His book is a tale he hopes will resonate with immigrants and natives alike: The secrets of how a young impoverished refugee reinvented himself into a world famous producer and entrepreneur.

Sitting in his penthouse offices, a baby grand piano to his left, windows on all sides, Estefan gazed over the city where he landed more than 40 years ago, recalling that first, terrifying reinvention.

At age 14, Estefan fled Fidel Castro’s Cuba to Spain and later Miami. His elder brother was at the university and of military age, and the newly installed communist government refused to let him go. Estefan’s father, a professional gambler, didn’t believe in making plans and lost or gave away as much as he won. His mother refused to leave behind her eldest son or her parents even after security agents raided their home. So it fell to Emilio to plan their escape.

Travel between the United States and Cuba was extremely difficult at the time, so Estefan and his father sought refuge first in Spain.

“When I left my mother at the airport, I thought I will probably never see her or my brother again. I got on the plane, and I saw all these families, and I cried the whole way to Spain,” he said.

In Spain, he ate at soup kitchens or earned dinner by playing the accordion at a cantina.

“To go from a family, based with grandparents and so many relatives to being almost homeless in a strange country, it was a drastic change,” he said.

Emilio traveled ahead of his father to the United States a year later and enrolled in night school, working by day in the mailroom of the Cuban-exile owned Bacardi liquor company, determined to bring his mother and brother here, and he eventually succeeded.
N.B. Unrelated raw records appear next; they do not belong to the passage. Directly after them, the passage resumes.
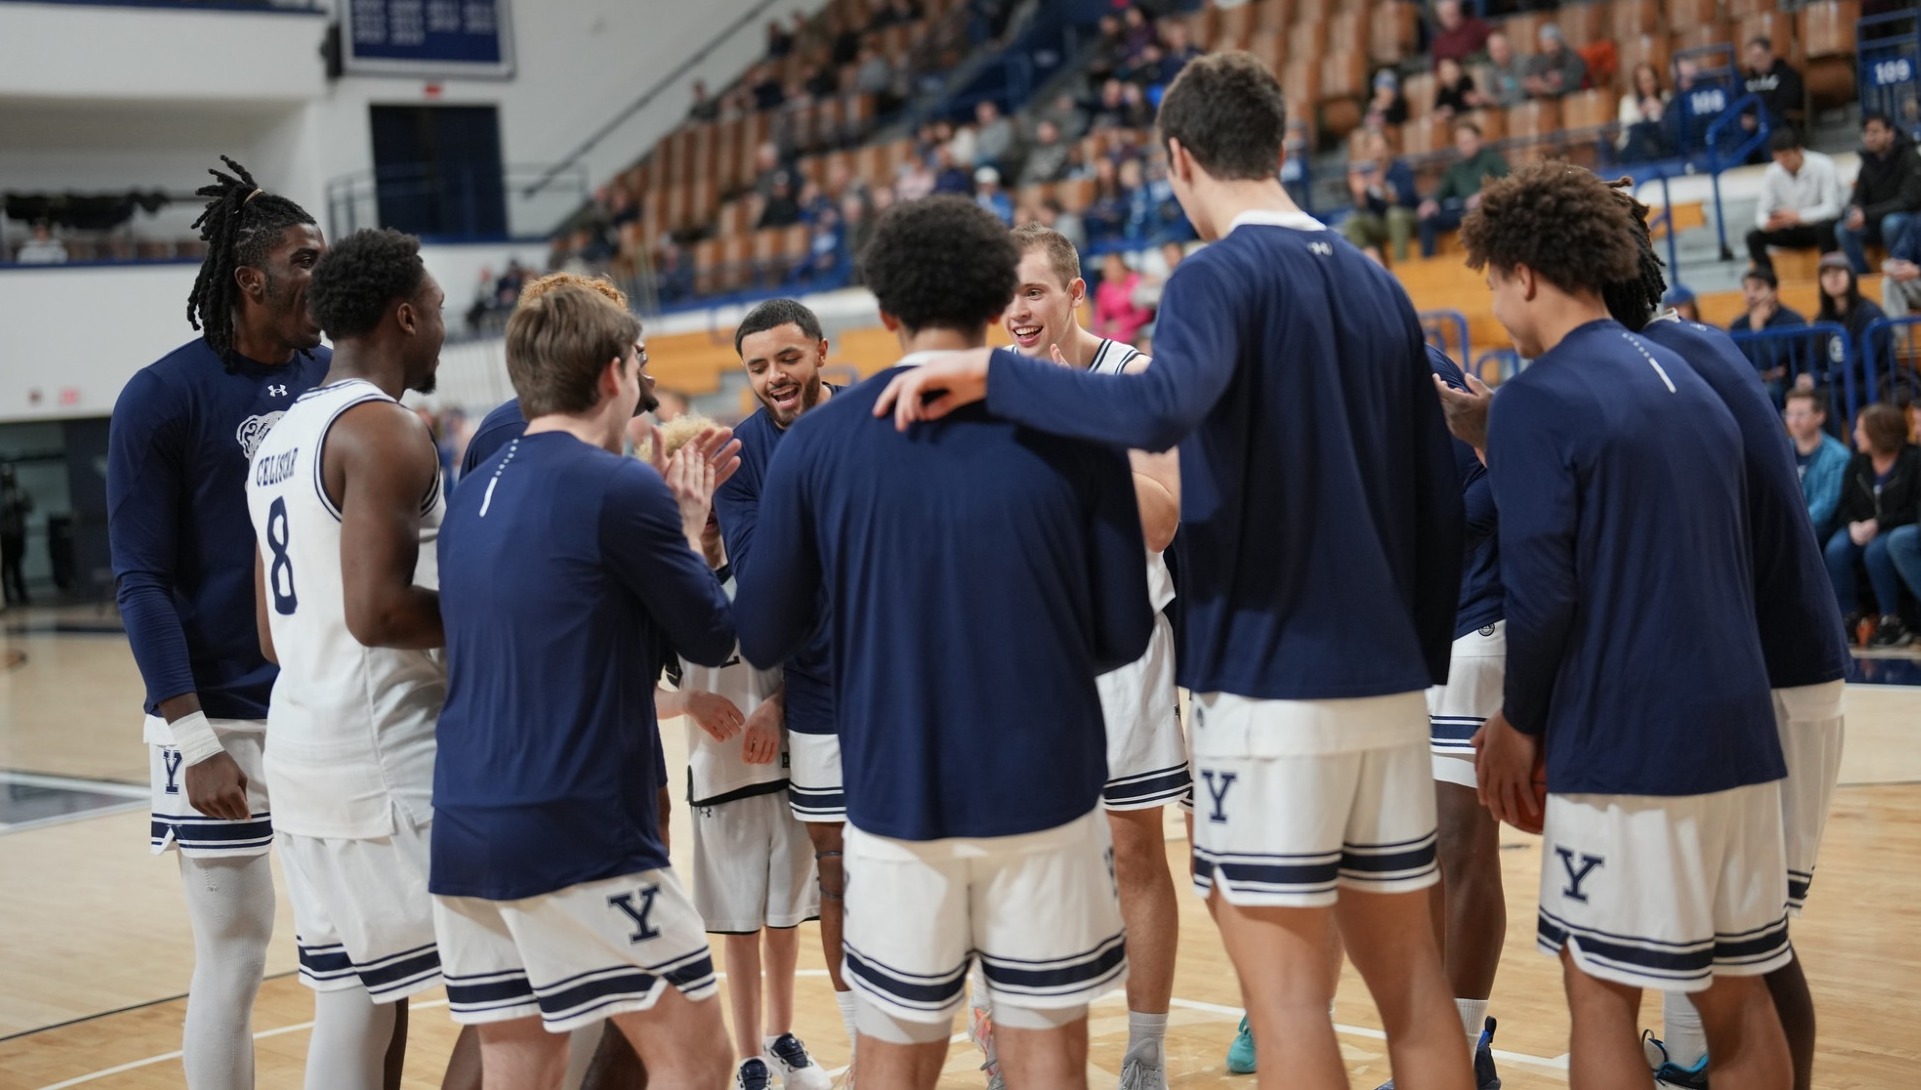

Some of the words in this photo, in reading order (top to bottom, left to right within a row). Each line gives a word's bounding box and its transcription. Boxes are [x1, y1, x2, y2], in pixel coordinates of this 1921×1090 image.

[267, 496, 298, 615] 8
[163, 748, 183, 796] Y
[1201, 769, 1238, 824] Y
[1554, 844, 1605, 905] Y
[606, 881, 662, 946] Y
He persuaded an uncle to lend him money for an accordion and formed a band, playing traditional Cuban tunes at local fiestas.
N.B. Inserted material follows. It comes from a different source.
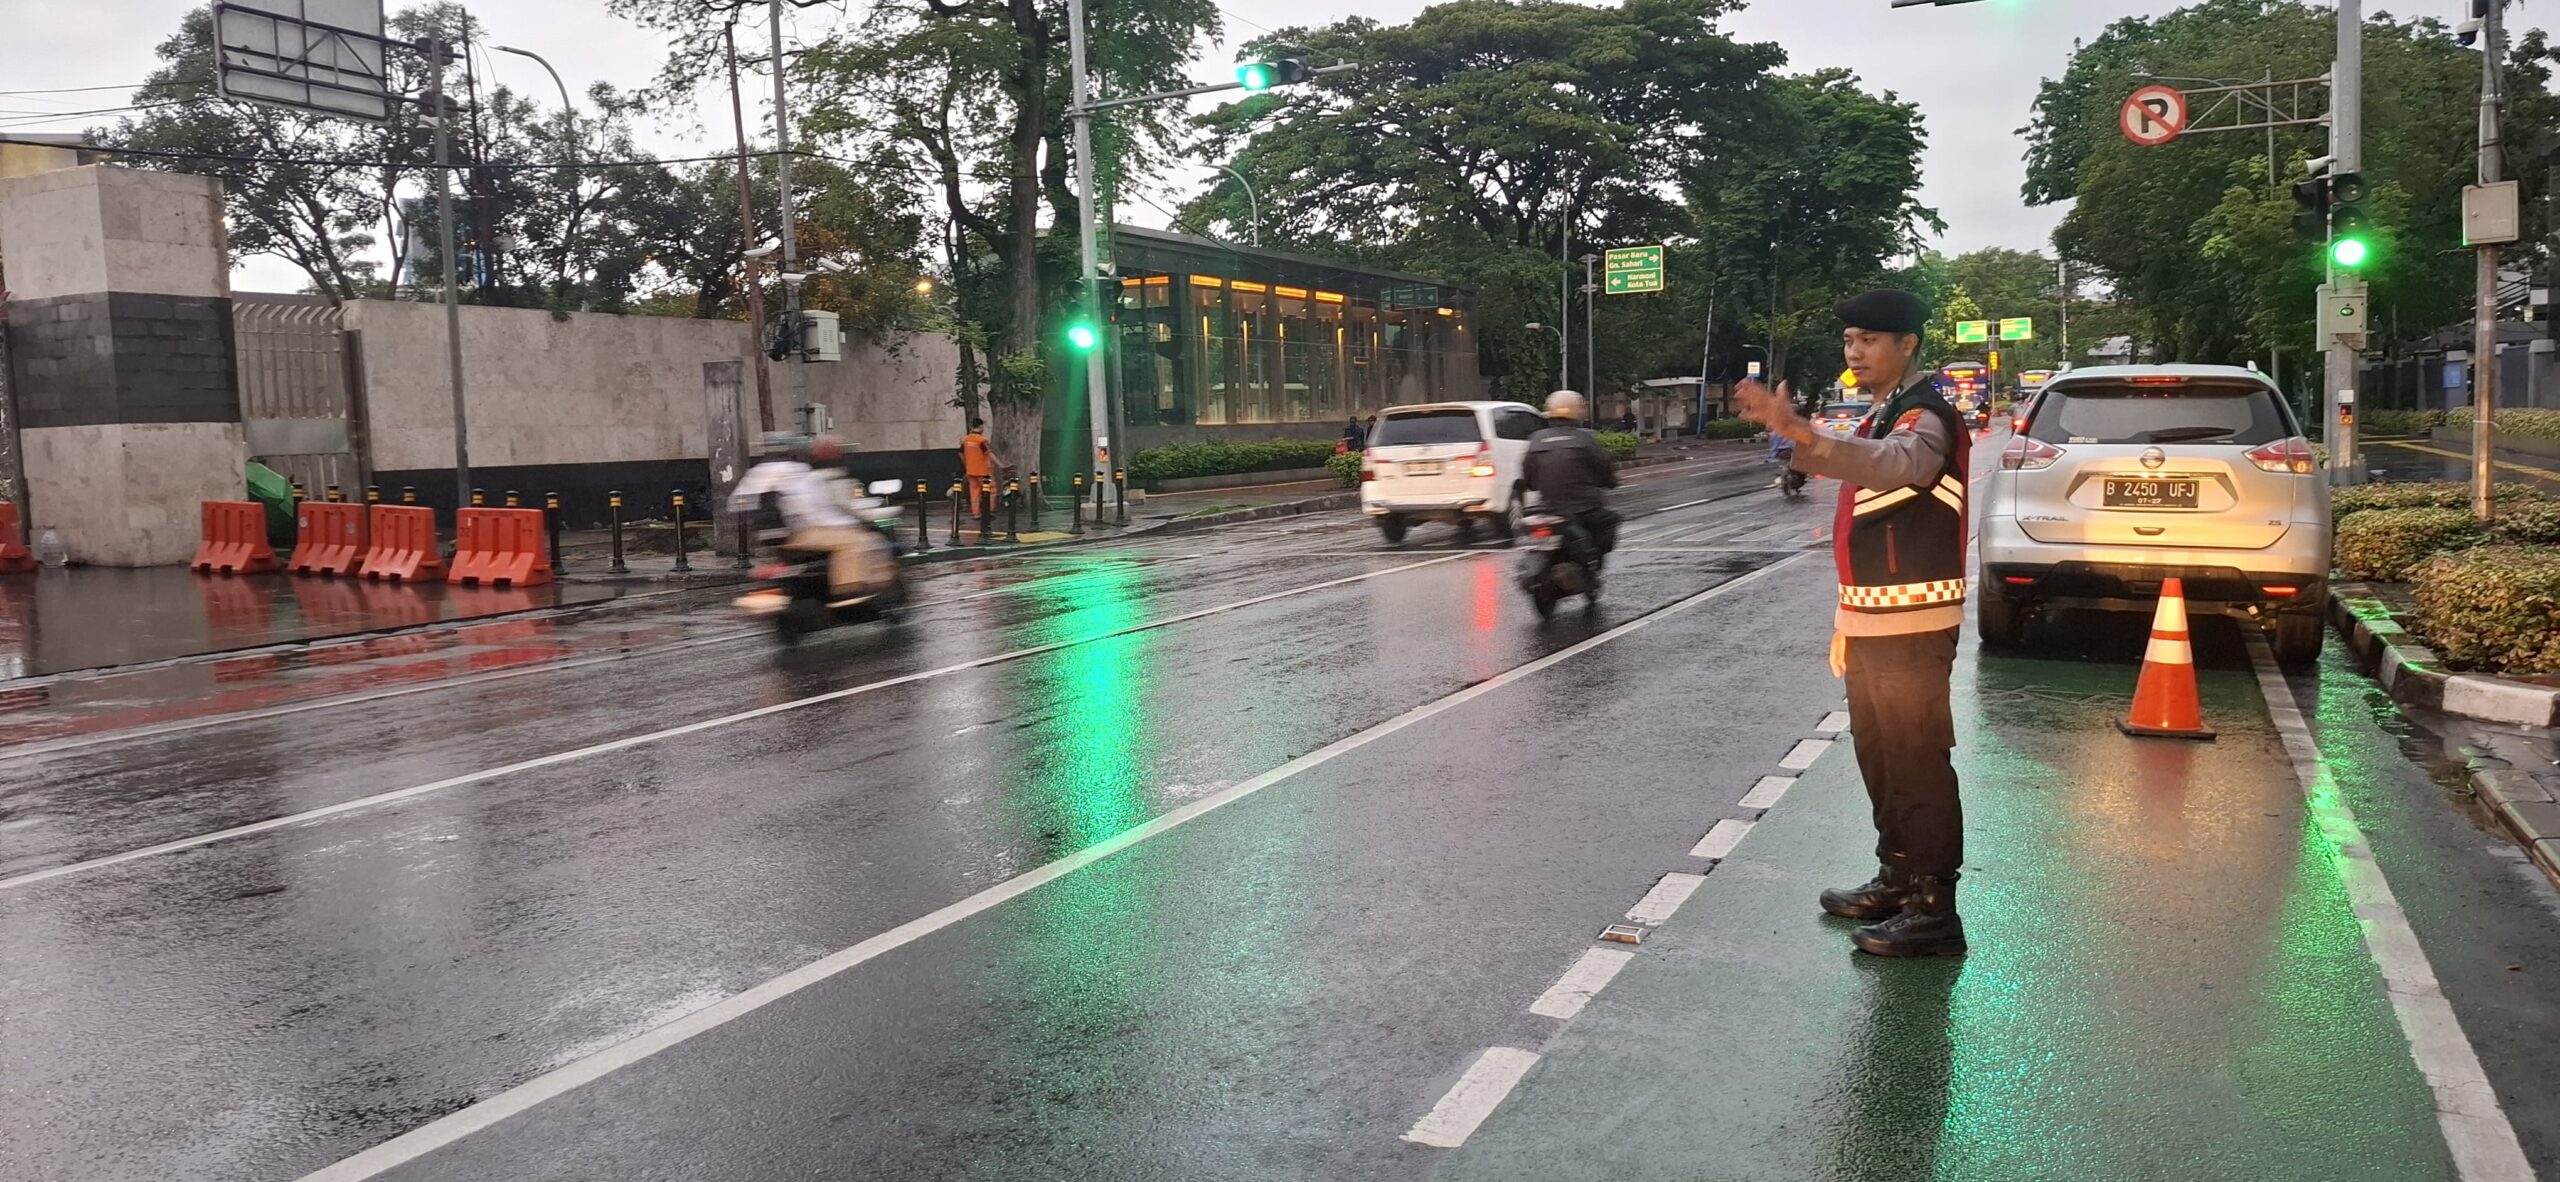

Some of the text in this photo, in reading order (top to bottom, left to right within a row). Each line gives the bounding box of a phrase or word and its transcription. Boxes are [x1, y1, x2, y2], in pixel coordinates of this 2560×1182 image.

[2141, 98, 2168, 133] P
[1621, 260, 1643, 268] Sahari
[2106, 482, 2195, 497] B 2450 UFJ
“Music was the one thing, even in the hard times, that always made me happy,” he said.

Soon, the group added a shy but charismatic singer named Gloria who would steal the heart of Estefan and audiences worldwide. The couple would have go on to have two children and a more than 30-year professional and personal partnership.
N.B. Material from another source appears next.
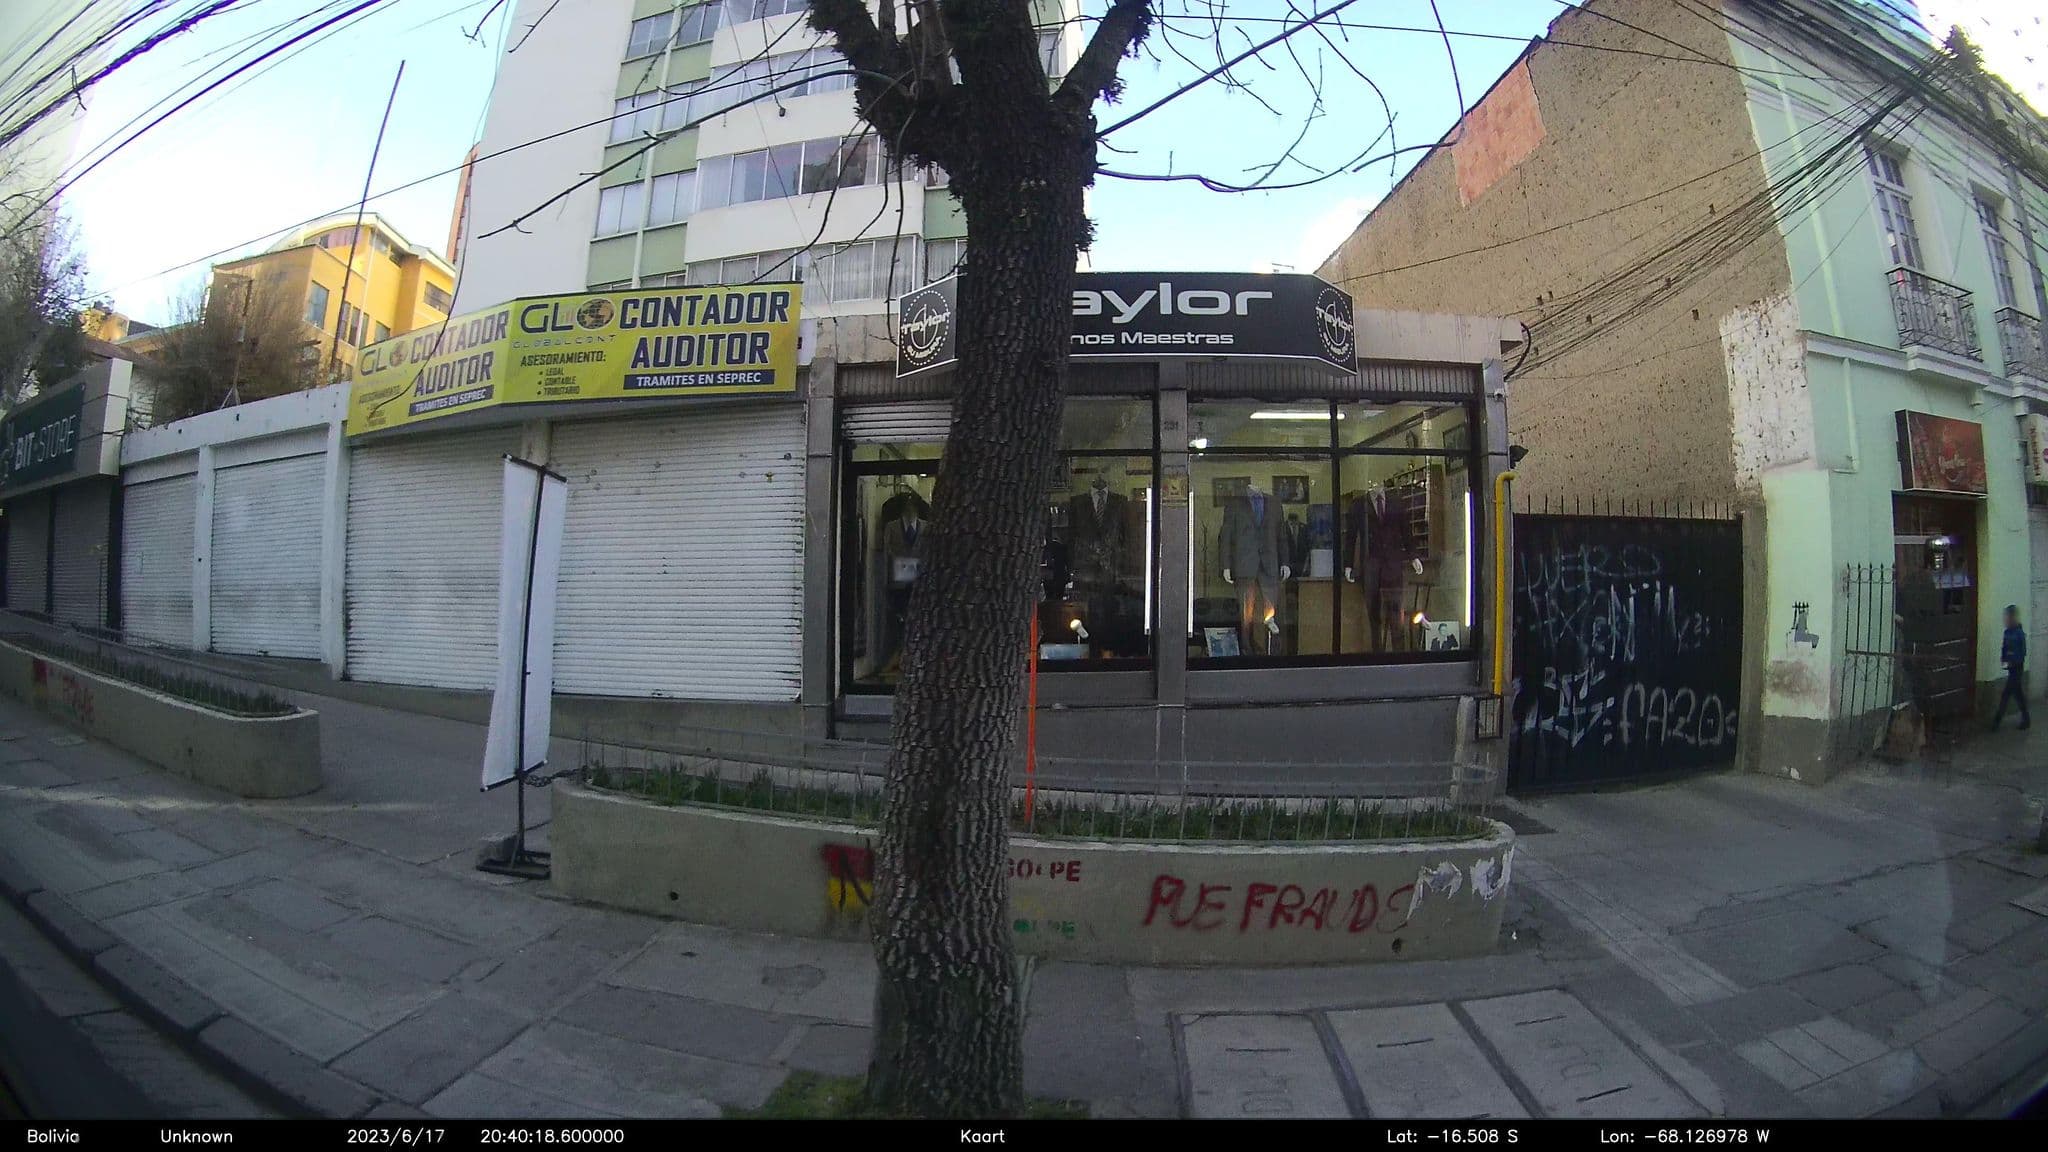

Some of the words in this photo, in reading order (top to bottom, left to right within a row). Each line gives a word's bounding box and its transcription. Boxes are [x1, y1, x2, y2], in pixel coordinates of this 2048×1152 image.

Back in the day, convincing CEOs of the value of reaching out to Hispanics and trying to mix the cultures was not an easy task. Record executives said it would never work for the band to infuse their Latin rhythms with music they’d soaked up in their adopted country. But the Sound Machine soared to the top of the charts with hits like “Conga,” ”Bad Boys,” and the “Rhythm is Gonna Get You.”

His successes with Miami Sound Machine and later his wife’s solo career led him to work as a producer for others, helping reinvent the careers of Ricky Martin, Shakira and others, introducing them to English-speaking audiences.

“The hardest thing was to convince Shakira she could do the crossover because when I met her she didn’t know any English,” he laughed. “She was a genius, but she was still a child.”

Estefan encouraged her to try English but stay true to her roots with Colombian rhythms and a hint of traditional Lebanese sound.

It wasn’t just Latin artists he helped cross over. He turned a Lenny Kravitz ballad into a salsa remix, and he helped Madonna with the soundtrack for the film “Evita.”

Frustrated with the limited attention given to Latin music at the Grammys, he pushed for a separate show dedicated to the broad breadth of Spanish and Portuguese music with the Latin Grammys, now in their 10th year. He was even named by Republican and Democratic presidents to the Kennedy Center board.

As the music industry has struggled, Estefan has reinvented himself again with a hotel and the expansion of his upscale Bongos Cuban Cafe chain. And then came the Miami Dolphins in 2009, his involvement paving the way for Jennifer Lopez, Marc Anthony and Fergie to buy shares too.

As for the key to his success, Estefan said: “Be unique.”

“That’s what I tell people. Even if they say it won’t work. Keep doing it,” he said. “Because in the end, no one else is going to be your cheerleader.”